Are admission systolic blood pressures predictive of outcomes in patients with spontaneous intracerebral haemorrhage after aggressive blood pressure management?

Joji Inamasu, Motoki Oheda, Takuro Hayashi, Yoko Kato, Yuichi Hirose
European Journal of Emergency Medicine: Official Journal of the European Society for Emergency Medicine 2015, 22 (3): 170-5

OBJECTIVE: High blood pressure (HBP) is observed frequently in patients with spontaneous intracerebral haemorrhage (SICH). Although HBP at admission has been associated with poor outcomes, most studies from which such conclusions were derived had been carried out decades earlier, when aggressive BP management was not implemented. In our institution, SICH patients showing HBP undergo aggressive BP management by intravenous nicardipine with target systolic BP (SBP) less than 140 mmHg. We investigated whether responsiveness to intravenous nicardipine, haematoma expansion rate and activity of daily living 90 days after admission differed by the degree of admission SBP.

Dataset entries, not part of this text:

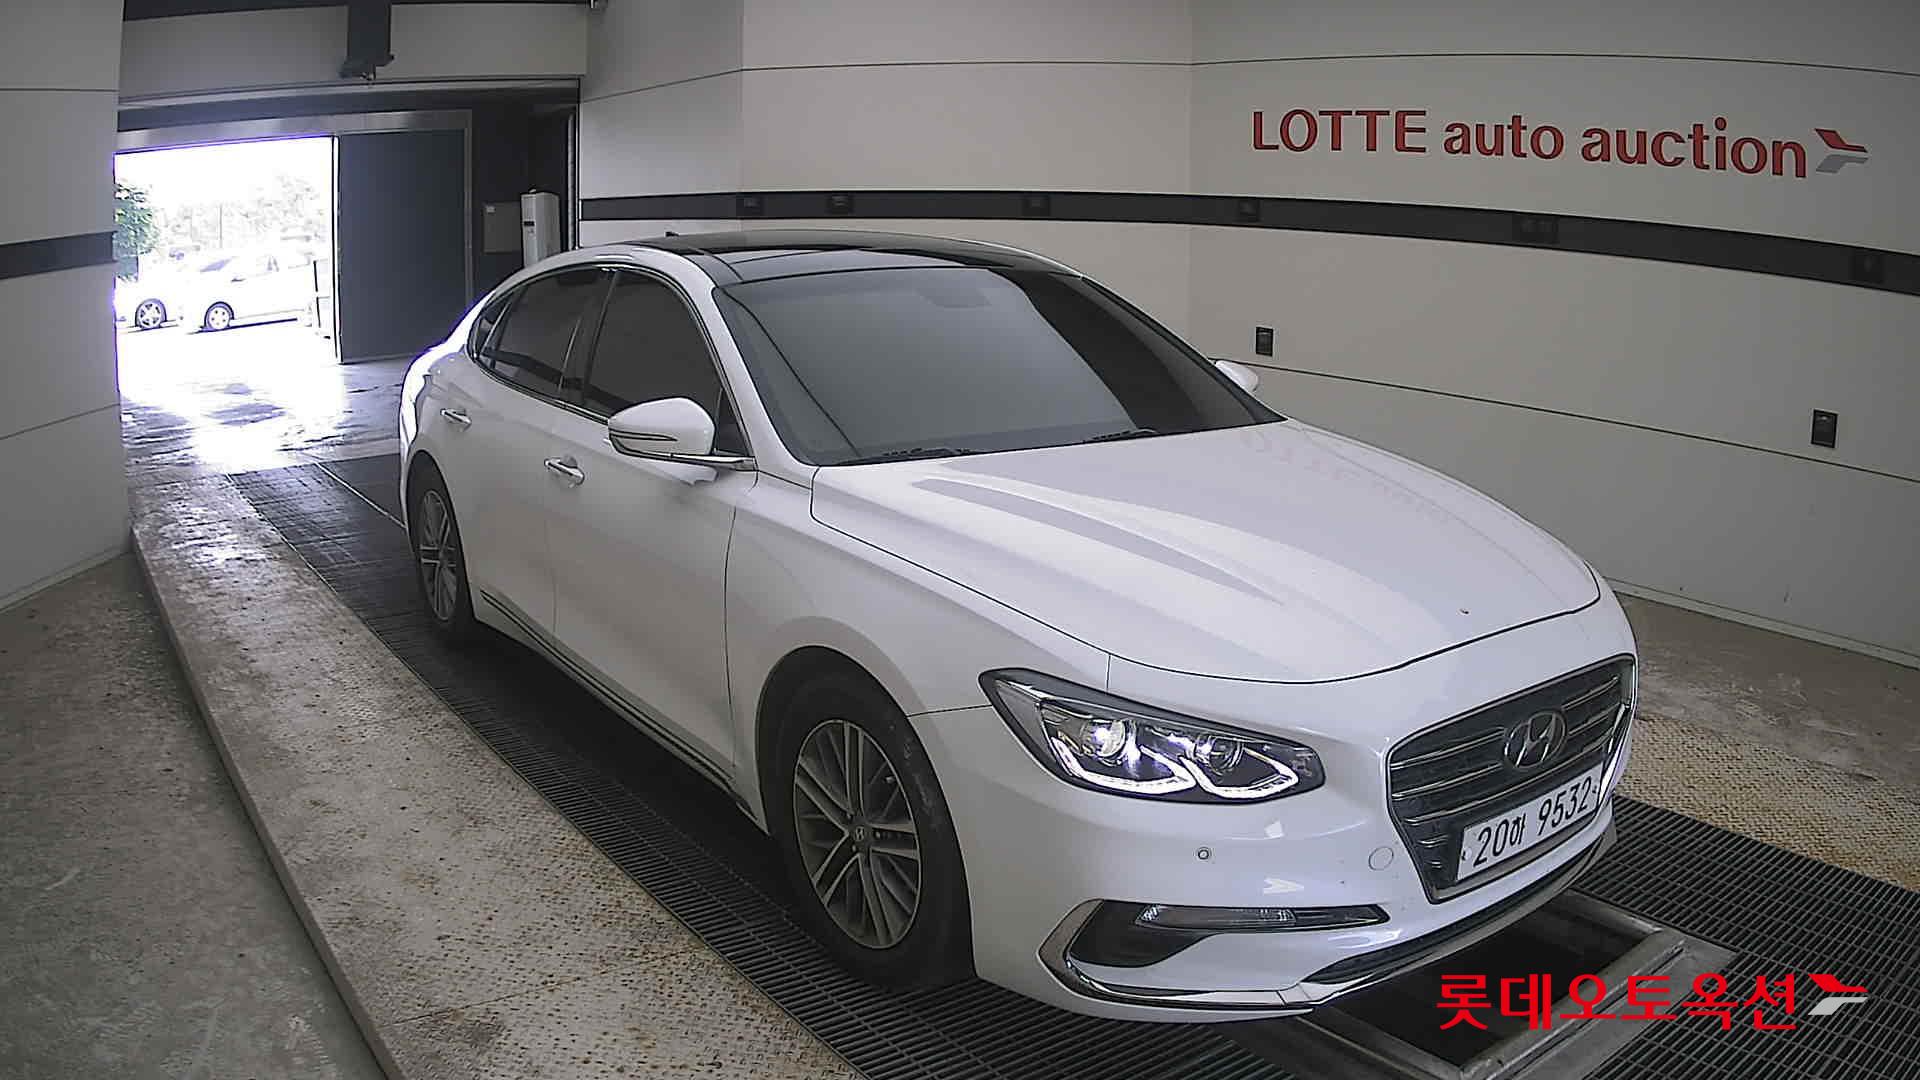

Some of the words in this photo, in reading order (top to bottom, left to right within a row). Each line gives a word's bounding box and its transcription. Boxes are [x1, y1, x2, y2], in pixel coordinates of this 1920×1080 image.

[1251, 108, 1428, 154] LOTTE
[1443, 114, 1565, 161] auto
[1581, 116, 1808, 178] auction
[1473, 812, 1526, 867] 20하
[1538, 776, 1591, 836] 9532
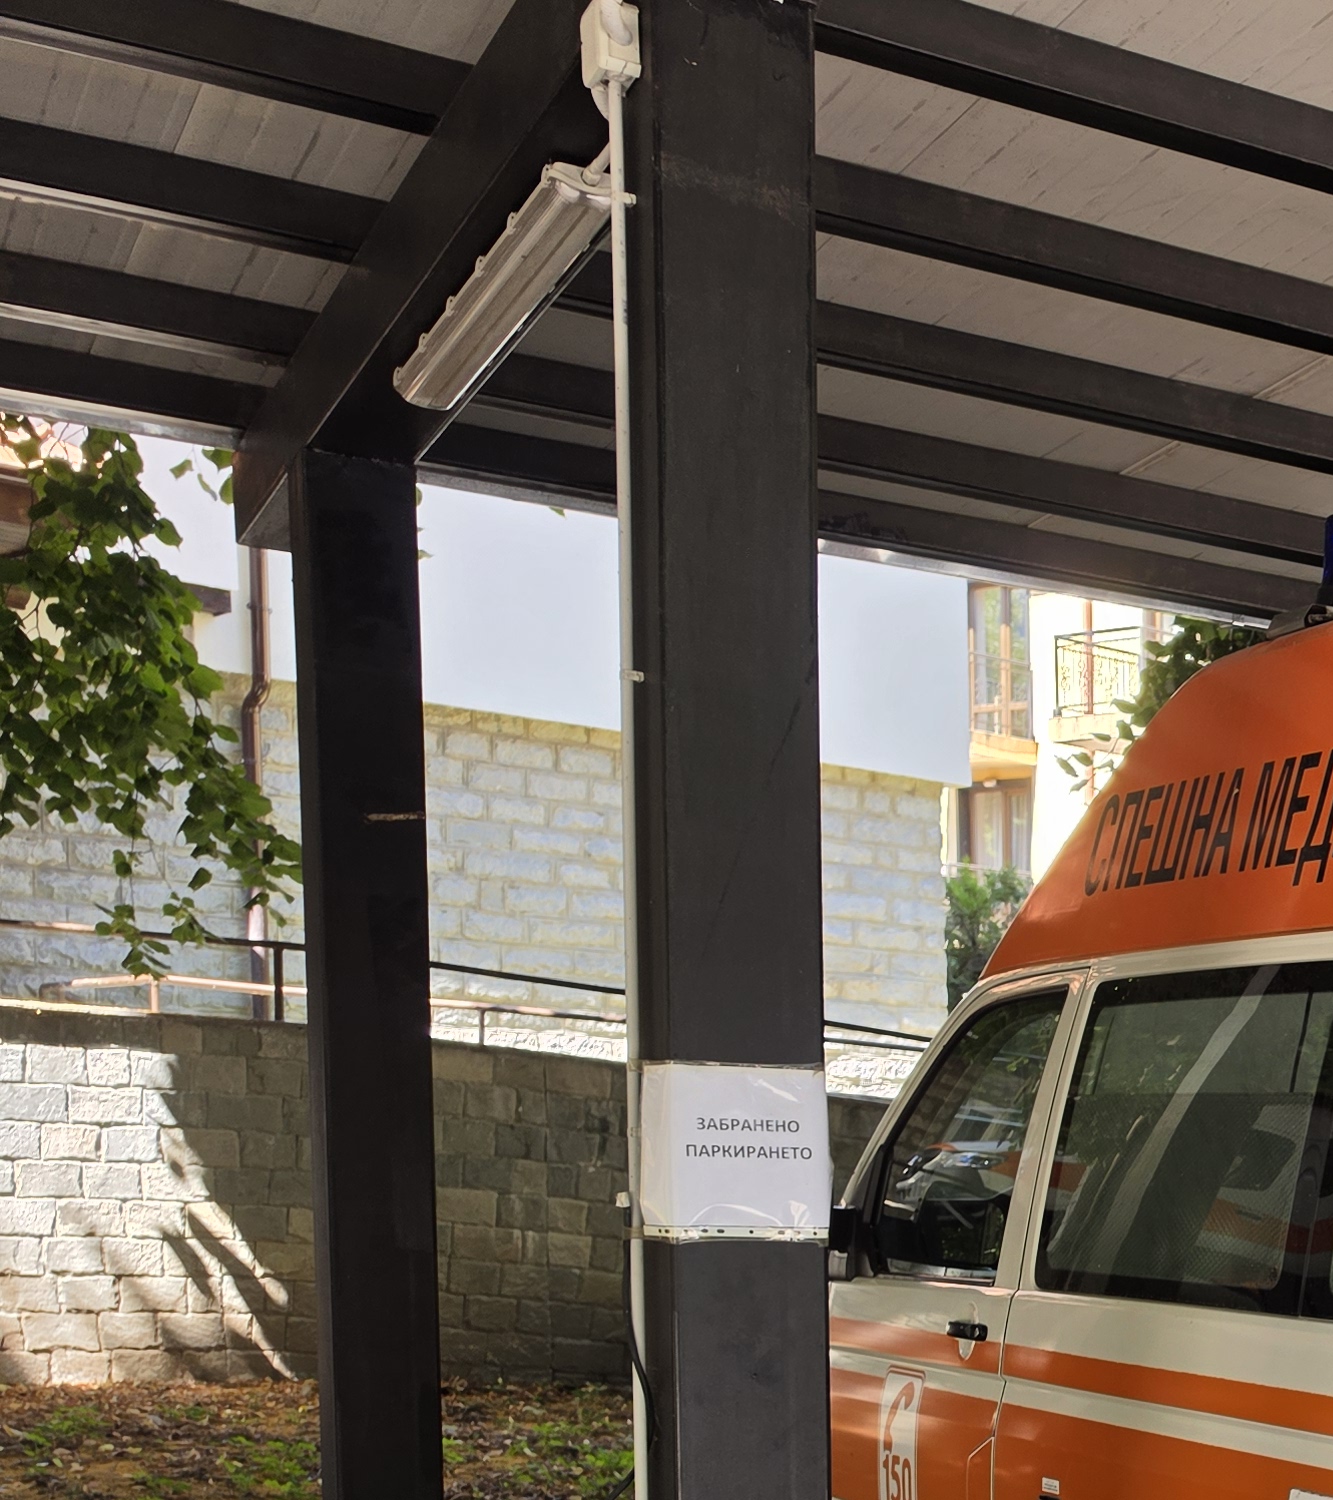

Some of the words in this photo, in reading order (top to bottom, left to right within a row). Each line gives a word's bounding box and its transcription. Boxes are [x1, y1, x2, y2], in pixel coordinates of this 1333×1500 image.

[1083, 764, 1240, 897] СПЕШНА
[696, 1117, 801, 1133] ЗАБРАНЕНО
[685, 1144, 813, 1160] ПАРКИРАНЕТО

PATIENTS AND METHODS: A retrospective study was carried out by reviewing charts of 120 SICH patients admitted within 6 h of onset who were quadrichotomized on the basis of SBP: <140 mmHg (n=6), 140-184 mmHg (n=49), 185-219 mmHg (n=38) and ≥220 mmHg (n=27). The six patients with SBP less than 140 mmHg were excluded, and demographic and outcome variables of the latter three groups were compared. Whether plasma catecholamine levels differed among the three groups was also investigated.

RESULTS: Optimal BP management (target SBP<140 mmHg) within 2 h of arrival was achieved in 98%, haematoma expansion occurred in 7% and the 90-day mortality rate was 11%. Responsiveness to intravenous nicardipine, haematoma expansion rate and activity of daily living were not significantly different. Furthermore, plasma catecholamine levels did not differ significantly.

CONCLUSION: The lack of difference in the demographic and outcome variables in SICH patients managed by aggressive treatment to normalize the BP indicates that the previously reported association between HBP at admission and poor outcomes needs to be re-evaluated.